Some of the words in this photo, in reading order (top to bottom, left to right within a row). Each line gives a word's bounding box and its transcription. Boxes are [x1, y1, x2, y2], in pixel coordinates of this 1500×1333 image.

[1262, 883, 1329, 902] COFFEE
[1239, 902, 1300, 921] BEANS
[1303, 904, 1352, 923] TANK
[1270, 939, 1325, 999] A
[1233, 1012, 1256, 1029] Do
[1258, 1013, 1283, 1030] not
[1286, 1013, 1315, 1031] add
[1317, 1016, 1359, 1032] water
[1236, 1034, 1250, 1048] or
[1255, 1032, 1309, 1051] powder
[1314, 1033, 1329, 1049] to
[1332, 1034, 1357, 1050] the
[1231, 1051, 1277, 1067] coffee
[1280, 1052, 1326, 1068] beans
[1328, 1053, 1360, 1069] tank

## Assignment
All the data above is to be given again, exactly.

## Written solution
Some of the words in this photo, in reading order (top to bottom, left to right within a row). Each line gives a word's bounding box and its transcription. Boxes are [x1, y1, x2, y2], in pixel coordinates of this 1500×1333 image.

[1262, 883, 1329, 902] COFFEE
[1239, 902, 1300, 921] BEANS
[1303, 904, 1352, 923] TANK
[1270, 939, 1325, 999] A
[1233, 1012, 1256, 1029] Do
[1258, 1013, 1283, 1030] not
[1286, 1013, 1315, 1031] add
[1317, 1016, 1359, 1032] water
[1236, 1034, 1250, 1048] or
[1255, 1032, 1309, 1051] powder
[1314, 1033, 1329, 1049] to
[1332, 1034, 1357, 1050] the
[1231, 1051, 1277, 1067] coffee
[1280, 1052, 1326, 1068] beans
[1328, 1053, 1360, 1069] tank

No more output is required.